» **WORK TASK**: Reproduce all of the entries below exactly, without images.

Items from a data source
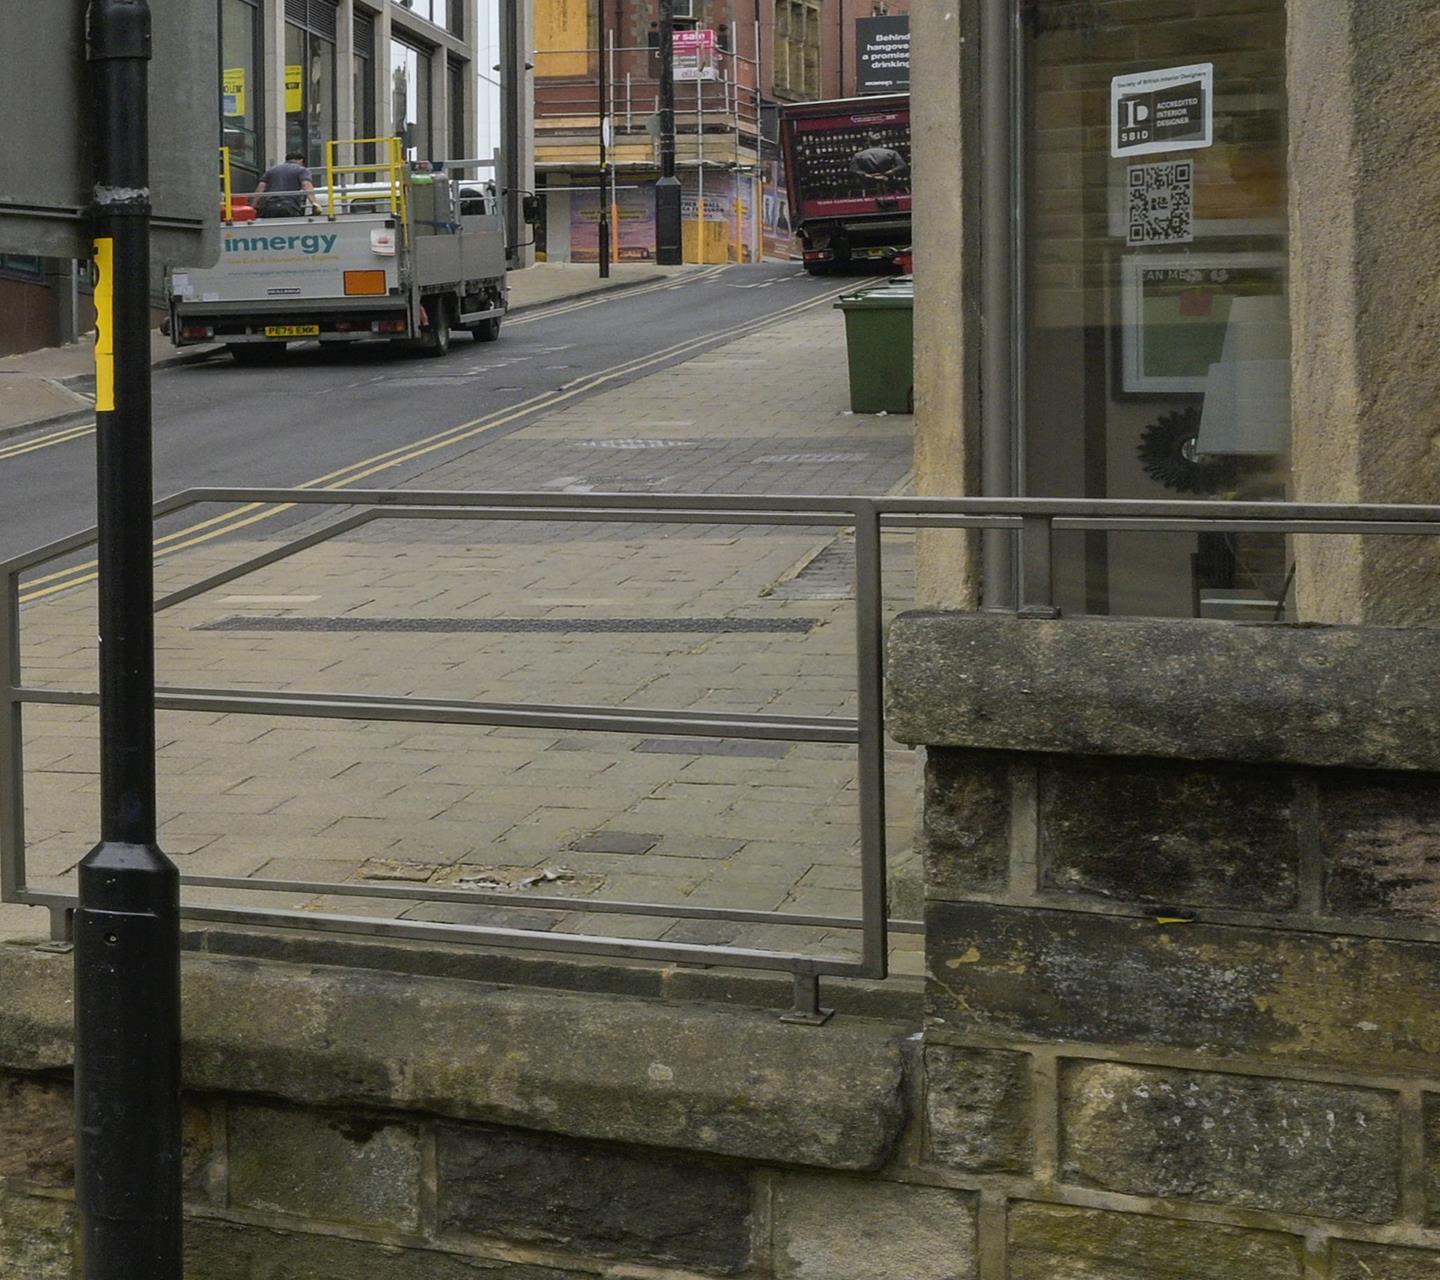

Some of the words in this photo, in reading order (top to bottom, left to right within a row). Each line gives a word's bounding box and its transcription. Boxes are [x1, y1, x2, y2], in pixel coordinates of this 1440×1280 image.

[1156, 98, 1198, 109] ACCREDITED
[1156, 117, 1189, 127] DESIGNER
[1121, 131, 1149, 142] SBID
[224, 232, 338, 254] innergy

» **RESPONSE TO THE TASK**:
Some of the words in this photo, in reading order (top to bottom, left to right within a row). Each line gives a word's bounding box and its transcription. Boxes are [x1, y1, x2, y2], in pixel coordinates of this 1440×1280 image.

[1156, 98, 1198, 109] ACCREDITED
[1156, 117, 1189, 127] DESIGNER
[1121, 131, 1149, 142] SBID
[224, 232, 338, 254] innergy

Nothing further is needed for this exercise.